In large organisations it is set by a remuneration committee, generally made up of other highly paid individuals, often disconnected from the workforce.

Which is why CEO pay just seems to go up and up. This Corporate Rebels article found that the typical CEO-to-employee pay ratio has increased to a staggering 202-1 in 2018 (up from 20-1 in 1996).

What if the CEO salary was instead set by the workforce?

The idea comes from a recent blog from Sarah Metcalfe (in response to the above Corporate Rebels article), when she asked “What if your people decided your pay based on how well you did as a leader?”

So I decided, as boss of Happy (though Chief Happiness Officer not Chief Executive Officer), to try it.

How Happy’s Salaries Work

At Happy we try to make our salary process as inclusive as possible. Salaries are assessed by a salary panel made up of four employees. Historically half of those were elected by our staff, but this year we have moved to electing all four posts. 

First, we allocate a total amount to be given out - the salary pot. In past years this has been decided by the senior leaders. This year we decided to give the staff the chance to decide how large the salary pot should be. 

At Happy all financials are transparent and I seek to explain, through a LEGO game, what the key drivers are.

Our financial year-end is September and so we got together in October for our six-monthly Happy Day. I covered the profit for last year, the inflation increases already being added to salaries and the forecast for next year.

People discussed the figures in small groups and then as a whole. Each person then put their proposal into an anonymous survey and we selected the average as the salary pot.

Given that their salary rise will be decided from that pot, you might expect people to go wild. In fact they were very reasonable and the pot came out slightly below what I might have proposed myself. 

Once the salary pot is decided people put in proposals for their own salary. Some indicate the salary increase they are hoping for (about two thirds), some leave it to the salary panel to decide (about one third).

The salary panel can, and often does, award a higher increase than people have proposed if they feel the employee has understated their contribution.

My Proposal

I followed the same procedure. I filled in the same form and explained the contribution I have made over the last year, (this alone is quite useful for people to see) and proposing my own salary.

I suggested a 5.8% salary rise for myself, on top of inflation – slightly above the overall potential increase. Each person then completed an anonymous form to state what rise they proposed for me.

I have to say that I was a little nervous. I am the highest paid employee at Happy, earning 2.9 times as much as the lowest paid. Would people value my contribution? How would they reward it - especially as my rise was set to come from the same salary pot as theirs.
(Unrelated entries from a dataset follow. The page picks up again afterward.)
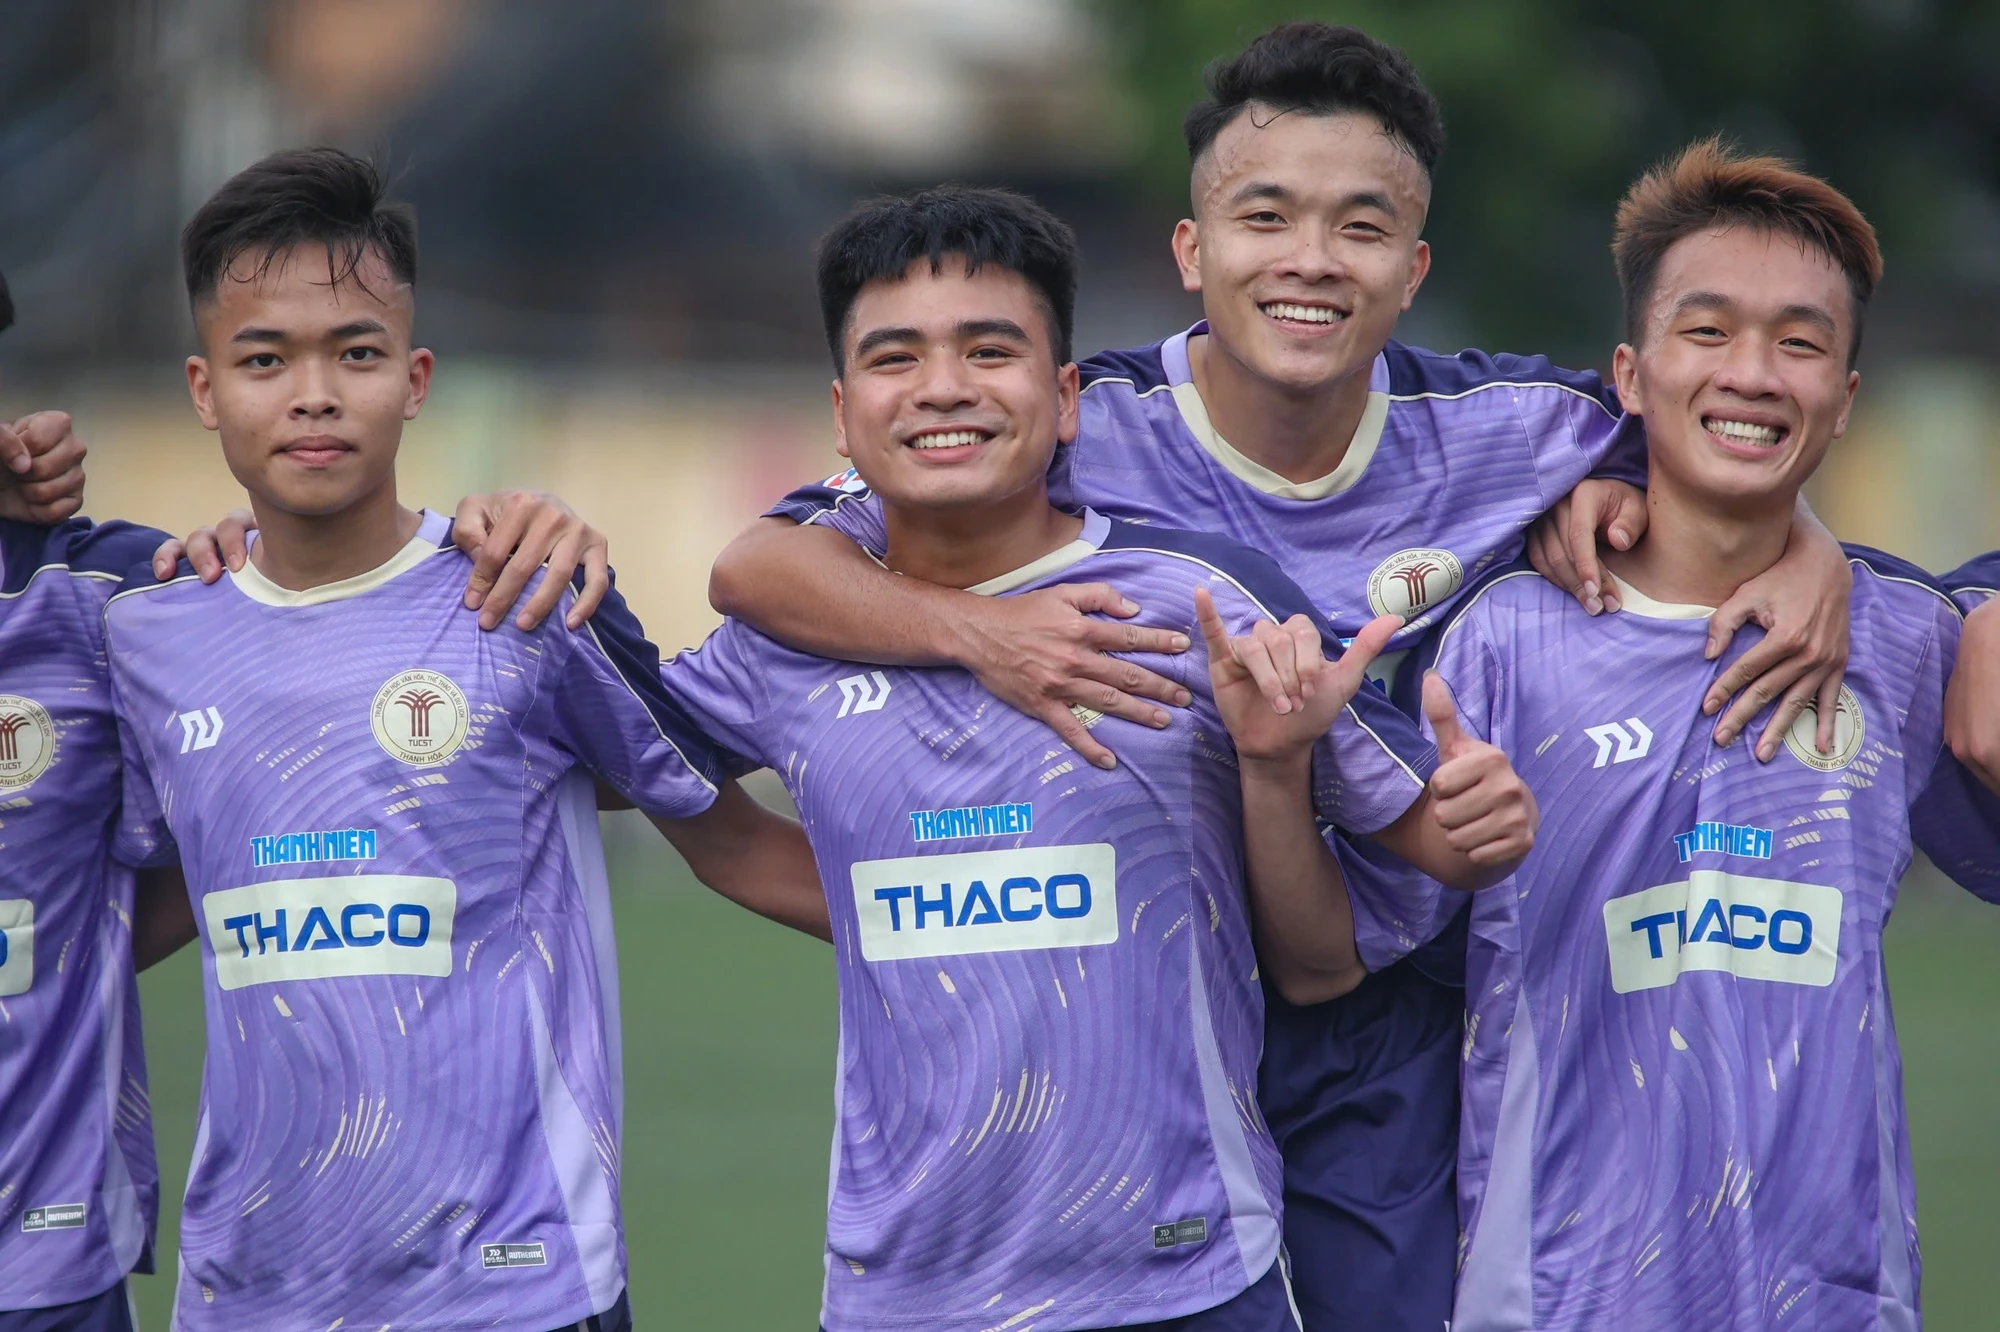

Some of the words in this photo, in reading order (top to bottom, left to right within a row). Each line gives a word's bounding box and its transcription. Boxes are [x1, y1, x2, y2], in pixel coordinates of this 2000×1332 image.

[400, 752, 425, 762] THANH
[909, 807, 980, 842] THANH
[979, 802, 1033, 838] NIÊN
[1673, 821, 1725, 863] TNH
[250, 831, 321, 867] THANH
[321, 828, 376, 861] NIÊN
[874, 873, 1092, 931] THACO
[223, 903, 431, 958] THACO
I was pleased when one of the first responses was “I would double that” and another went for triple. Overall 54% agreed with my 5.8% rise, 23% went below and 23% went above.

I felt valued and supported.

Should employees decide the CEO salary?

One response when I posted this idea on LinkedIn was that “having employees decide the CEO's salary could very well adversely influence the CEO's behaviour towards the various stakeholder groups, i.e. preferential treatment for employees to the detriment of shareholders, customers and the company itself.”

I have two objections to this:

One is the idea that employees aren’t able to evaluate their CEO in terms of the full range of stakeholders. As we saw earlier, give your people full information and they will take responsibility (as Jan Carlzon memorably said).

The second is that the way to get great customer service and great financials is to treat your employees well.  One of the first business books I read as I set up Happy was The Customer Comes Second by Hal Rosenbluth, because the employee comes first. A mindset that led his travel company to win the Baldridge Award for the best customer service in the entire USA.

Happy employees = Happy customers = Happy profits.

Who should be on the remuneration committee?

In my opinion a remuneration committee for the CEO should have the majority of its members selected by the workforce.

What seems to happen at the moment is that the committee is presented with details of comparable companies and what the average CEO salary is, what it is for the top 50% and for the top 25%.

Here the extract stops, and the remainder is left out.